Overview
- Status: Operational
- Termini: Străulești; Gara de Nord;
- Stations: 8

Service
- Type: Rapid transit
- System: Bucharest Metro
- Operator(s): Metrorex S.A.
- Depot(s): Străulești
- Rolling stock: BM1 (Astra IVA) BM2 (Bombardier)
- Ridership: 26949000 (2019)

History
- Opened: 2000
- Last extension: 2017

Technical
- Line length: 7.44 km (4.62 mi)
- Track gauge: 1,432 mm (4 ft 8+3⁄8 in)
- Electrification: 750 V DC third rail

= Bucharest Metro Line M4 =

Metro line in Bucharest, Romania

M4 is one of the five lines of the Bucharest Metro. It is currently 7.44 km long and runs from Gara de Nord to Străulești, following the Griviței and Bucureștii Noi avenues.

== History ==
Construction of the line started in September 1989, shortly before the Romanian Revolution.

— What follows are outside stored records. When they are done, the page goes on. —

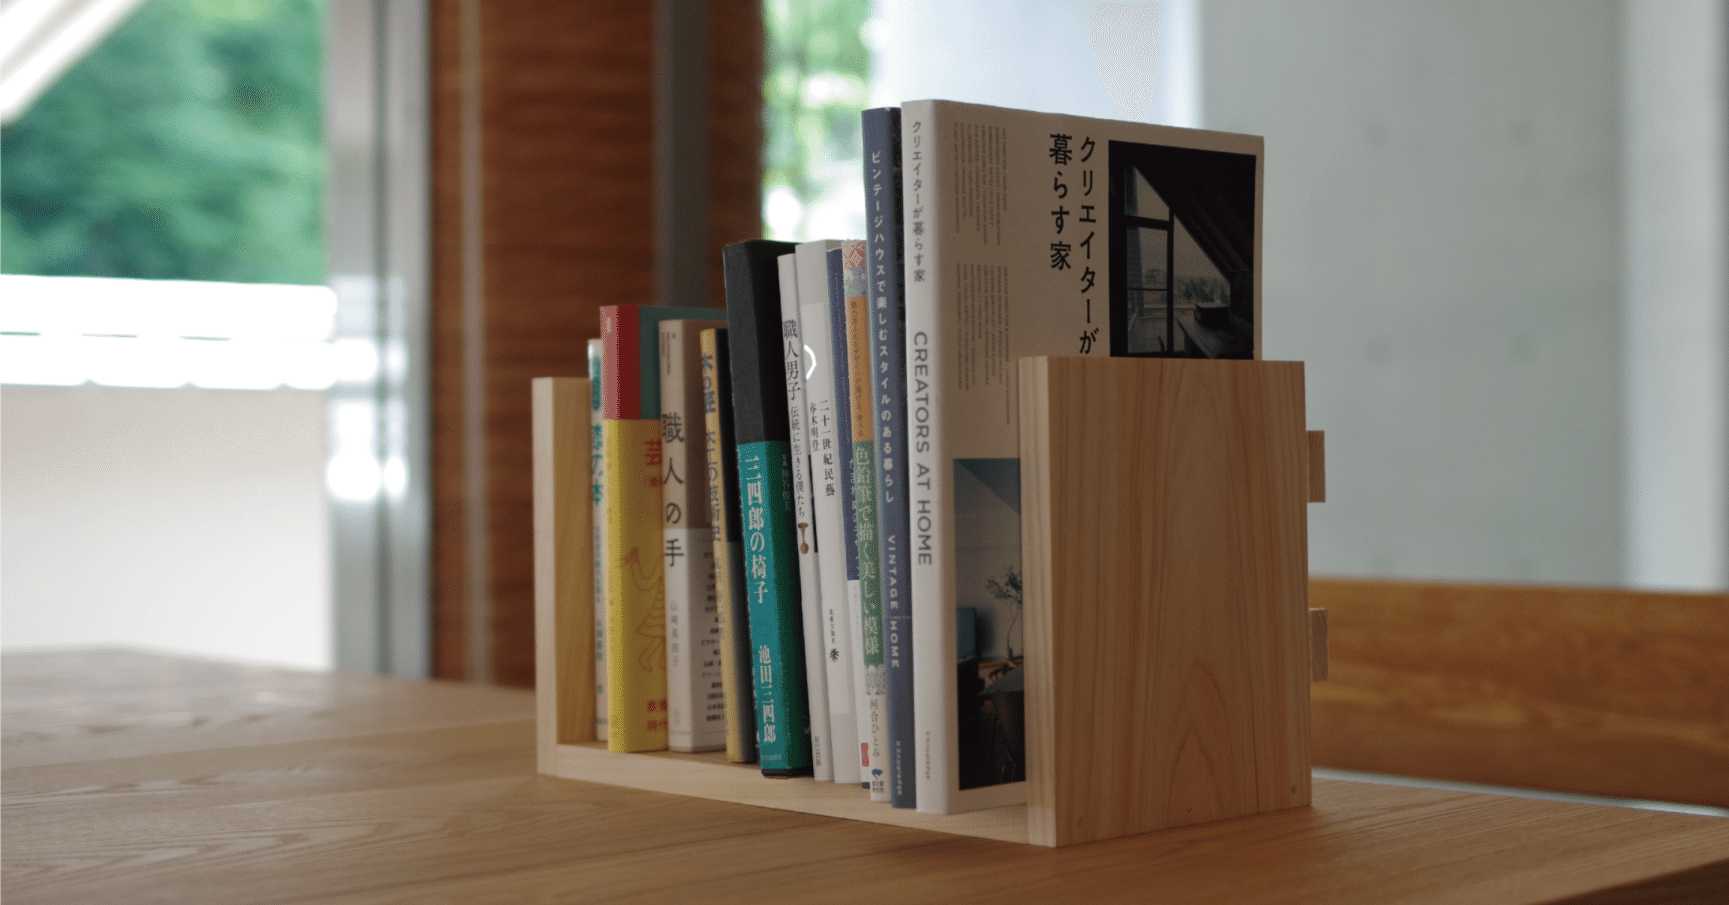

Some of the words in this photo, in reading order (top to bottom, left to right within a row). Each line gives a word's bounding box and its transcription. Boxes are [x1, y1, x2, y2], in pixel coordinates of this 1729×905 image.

[912, 121, 926, 283] クリエイターが暮らす家
[1049, 133, 1073, 271] 暮らす家
[1079, 136, 1099, 355] クリエイターが
[782, 318, 801, 401] 職人男子
[871, 150, 895, 503] ビンテージハウスで楽しむスタイルのある暮らし
[819, 400, 835, 497] 二十一世紀民藝
[913, 331, 930, 453] CREATORS
[661, 412, 685, 567] 職人の手
[745, 456, 769, 604] 三四郎の椅子
[917, 463, 931, 490] AT
[917, 500, 932, 566] HOME
[856, 447, 879, 656] 色鉛筆で描く美しい模様
[887, 534, 899, 610] VINTAGE
[758, 645, 776, 744] 池田三四郎
[890, 620, 900, 668] HOME

The tunnels were built up to where Parc Bazilescu is today. Construction was abandoned afterwards and was resumed later on in the 90's. The first section of the M4 opened on 1 March 2000 from Gara de Nord to 1 Mai.
After many years of delays the next section to Parc Bazilescu was finally opened on 1 July 2011. Parc Bazilescu was not in the initial plan and was only built to open the section quicker.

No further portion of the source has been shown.